AI is also being used to model and simulate production lines, machines, and equipment, and to improve the overall throughput of the production process. AI enables production simulation to go beyond a one-time simulation of a pre-determined process scenario to dynamic simulations, which can adapt to changing conditions, the state of materials and machines, and alter the simulation. These simulations can subsequently adapt production processes in real time.
The rise of additive manufacturing for production parts
Using 3D printing to fabricate production parts is now an established part of automotive production, and this industry is second only to aerospace and defense in the use of additive manufacturing (AM) for production. Most vehicles produced today have a wide assortment of AM fabricated parts incorporated into the overall assembly. This includes a range of automotive parts from engine components, gears, gearboxes, brake components, headlamps, body kits, bumpers, fuel tanks, grills, and fenders, to frame construction. Some car makers are even printing complete bodies for small EVs.
For the burgeoning EV market, AM will be especially significant in terms of weight reduction. While this has always been desirable for traditional internal combustion engine (ICE) vehicles for improving fuel efficiency, this concern is more important than ever since lower weight can mean much longer battery life between charges. Additionally, battery weight itself is a downside to EVs where the batteries can add more than a thousand extra pounds to a midsized EV. Automotive components can be designed specifically for AM fabrication to be much lighter with a vastly improved weight-to-strength ratio. Almost every part in every type of vehicle can now be made lighter through AM fabrication rather than the use of metals.
Digital twin optimizes production systems
By using a digital twin in automotive production, it is possible to plan the entire manufacturing process in a fully virtual environment before physically building production lines, conveyance systems, and robotic work cells, or installing automation and controls. Because of its real-time characteristics, a digital twin can simulate a system while it is operational. This allows manufacturers to monitor the system, create models for adjustments, and make changes to the system.

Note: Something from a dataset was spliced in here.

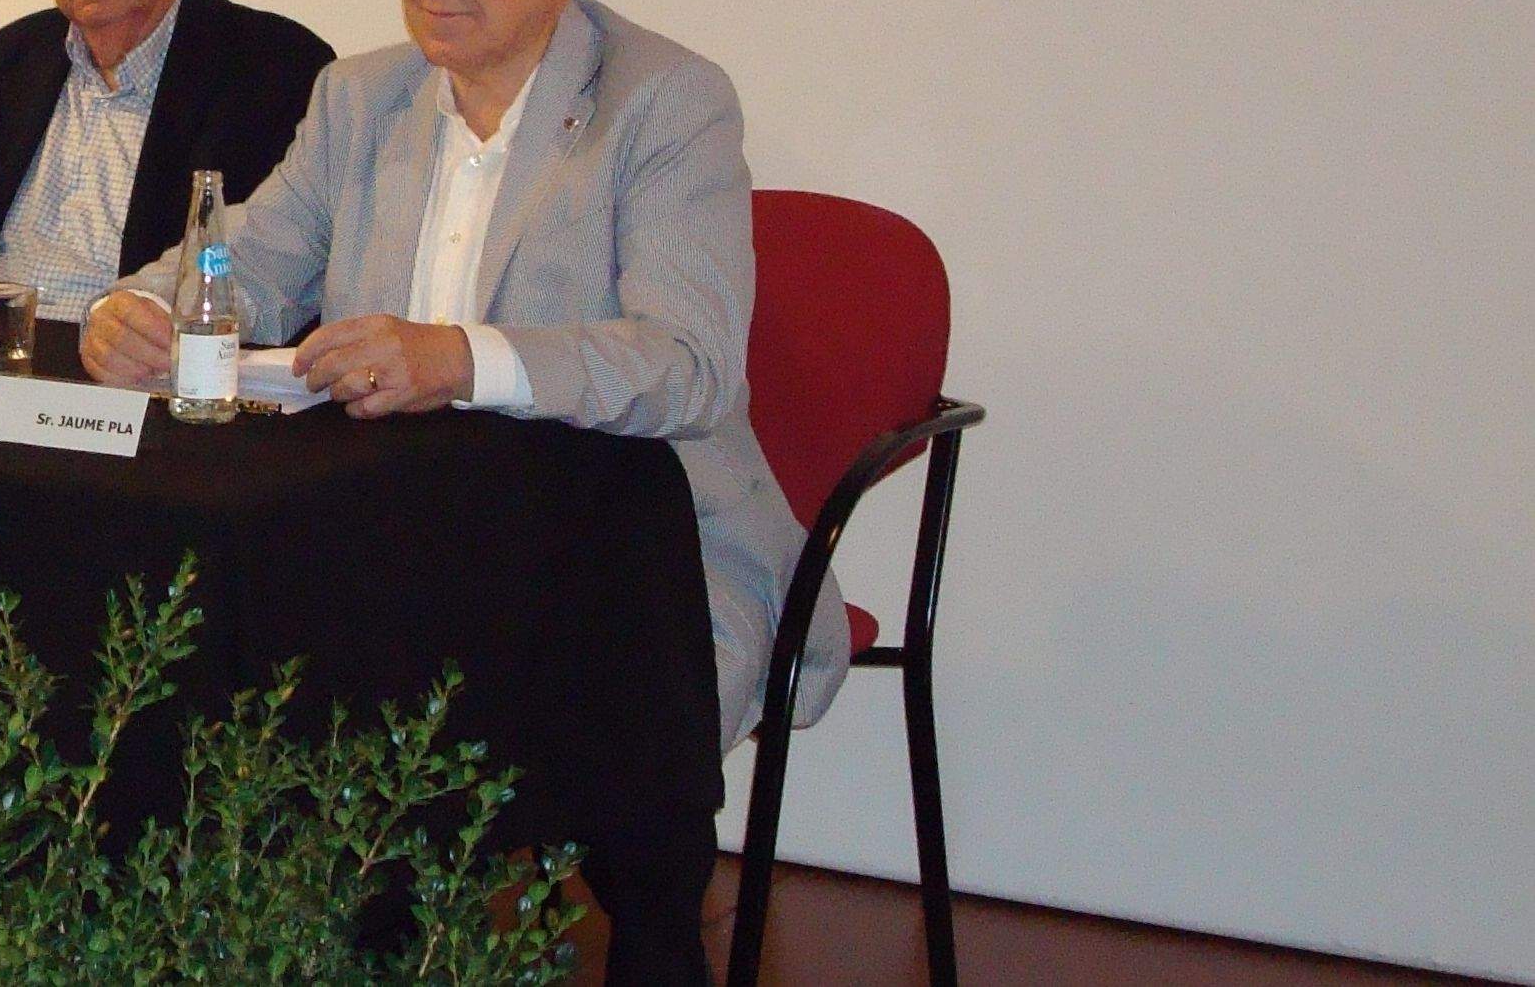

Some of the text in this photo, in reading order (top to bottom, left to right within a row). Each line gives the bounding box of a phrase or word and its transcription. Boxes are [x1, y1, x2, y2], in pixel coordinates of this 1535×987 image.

The implementation of a digital twin enables the optimization of each phase of the production process. Capturing sensor data throughout the functional components of the system provides essential feedback, enables predictive and prescriptive analytics, and minimizes unplanned downtime. Additionally, virtual commissioning of the automotive production line works in conjunction with the digital twin process by validating the operation of the controls and automation functions and providing the baseline operation of the system.
Recommendations
The automotive industry is entering a new era, challenged by the imperative to move to an entirely new product based on a complete change in propulsion used for mobility. The change from ICE vehicles to EVs is being mandated because of the clear need to reduce carbon emission output and mitigate the increasing warming of our planet. The automotive industry is meeting the challenge to design and manufacture the next generation of EVs by embracing emerging the science and technology of AI and AM along with implementation of the digital twin to meet these challenges. Other industries would be well served to follow the example of the automotive industry in using technology and science to move their industries into the 21st century.